# Gentoo 1.4rc1 brak?

## sgaap

Ik ben net overgestapt van gentoo 1.2 naar 1.4 rc1 (dmv een verse install), nadat stage 1 niet wilde bouwen (problemen bij diverse programma's, waaronder gcc zelf) heb ik maar vanaf een stage 3 tarball gebouwd, nu draait de hele zooi lekker stabiel (X en gnome) met gcc 3.2-r1, alleen heb ik nu enorm veel problemen met bouwen, de meeste (kleinere apps) bouwen nog wel, maar bij veel programma's krijg ik regelmatig internal errors bij gcc wat vervolgens resulteert in een segfault, in 1.2 had ik hoogstens problemen met enkele packages die ik ge-unmasked had, maar in 1.4 rc1 is het steeds weer een gok of het compilen lukt, mozilla is bijvoorbeeld niet te compilen, zowel 1.0.x, 1.1.x als 1.2b (via een aangepaste ebuild) falen jammerlijk

Nu vroeg ik me dus af of meer mensen dat hebben en of dat iets te maken heeft met gcc 3.2 rc1..
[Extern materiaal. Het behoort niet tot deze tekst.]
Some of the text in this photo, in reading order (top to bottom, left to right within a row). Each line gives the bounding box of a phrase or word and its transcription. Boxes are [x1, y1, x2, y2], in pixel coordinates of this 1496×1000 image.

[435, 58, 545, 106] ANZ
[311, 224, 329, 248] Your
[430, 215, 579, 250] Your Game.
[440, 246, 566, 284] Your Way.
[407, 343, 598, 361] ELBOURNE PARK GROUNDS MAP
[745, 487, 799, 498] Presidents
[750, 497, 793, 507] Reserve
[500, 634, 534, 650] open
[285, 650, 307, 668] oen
Tis namelijk zo irritant dat ik bijna weer terug wil naar 1.2

----------

## blubber

Ik heb hem net vanaf Stage1 gebakken, en het werkt hier perfect. Alleen vim wil niet compilen.
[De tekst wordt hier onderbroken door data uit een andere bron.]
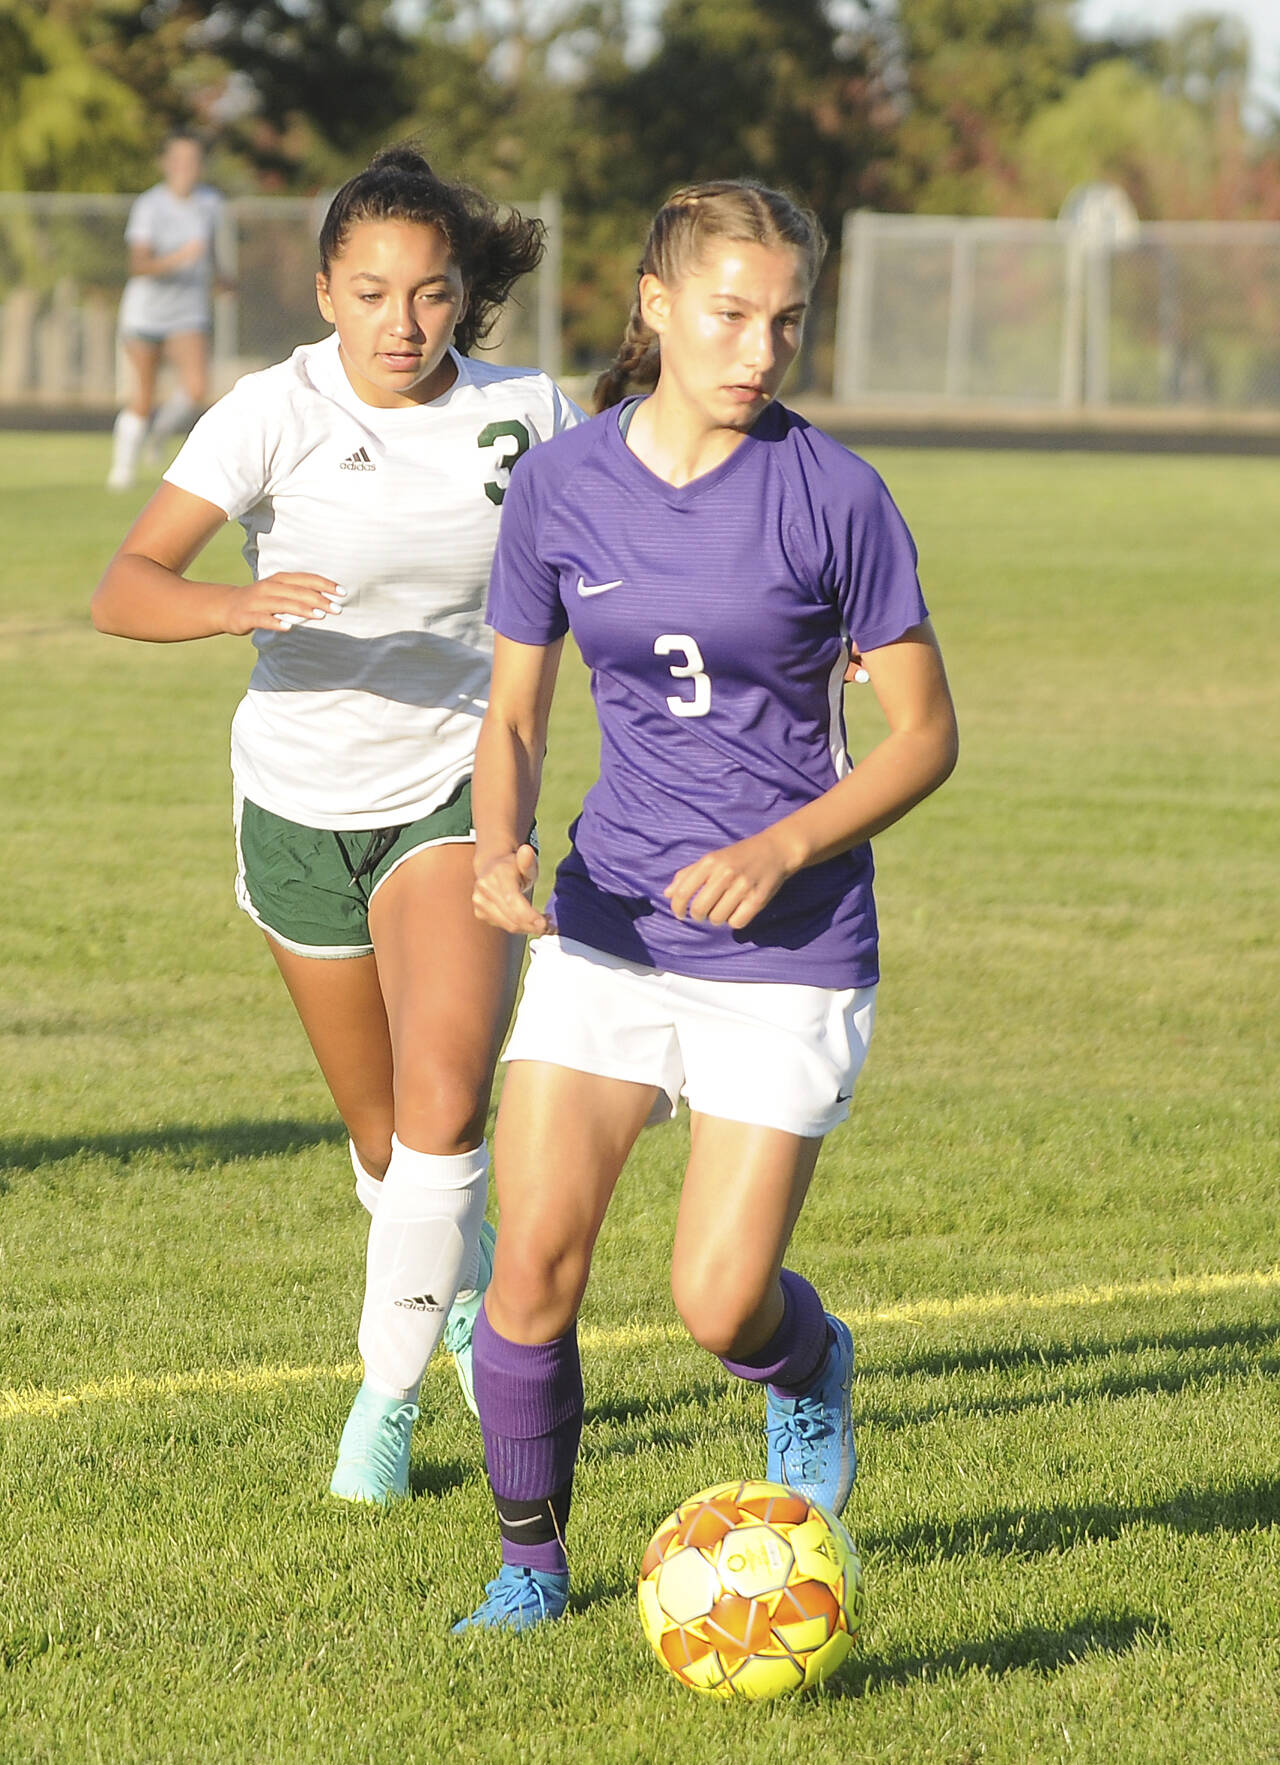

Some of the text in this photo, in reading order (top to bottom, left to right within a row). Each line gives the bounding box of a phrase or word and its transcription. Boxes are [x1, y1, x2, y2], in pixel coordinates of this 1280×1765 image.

edit: Vim wil nu wel compilen, lekker vaag  :Smile: 

----------

## H-Pi

he blouwe  :Smile: 

ik liep laatst een beetje vast ergens mee, gaim lukte niet, geluid weg, ik dacht: ik bouw alles wel opnieuw, maar dat mislukte opeens ook ja, tot gnome2 ging alles goed, maar kreeg gaim en galeon niet geemerged, rare gcc fouten

toch weer bij me oude 1.4, lukte me opeens meer, alsa gaf opeens weer mee, en nu gaim-cvs 0.60 die wel gewoon werkt

enige probleem is java-plugin en flash soms, maar die doen het wel perfect in konqueror  :Confused: 

over het algemeen werkt alles eigenlijk wel naar wens, ik ben een keer terug gegaan naar 1.2, maar dat was omdat me filesystem naar de &*(&*( was, en ik had op een andere partitie nog 1.2 staan

----------

## Wilke

Mwah, ik draai nu al bijna een maand op 1.4 (RC1, +updates daarna natuurlijk), en alles werkt, behalve sommige binary plugins zoals Flash en Java in Mozilla. Mozilla zelf compileert perfect, nooit problemen mee gehad.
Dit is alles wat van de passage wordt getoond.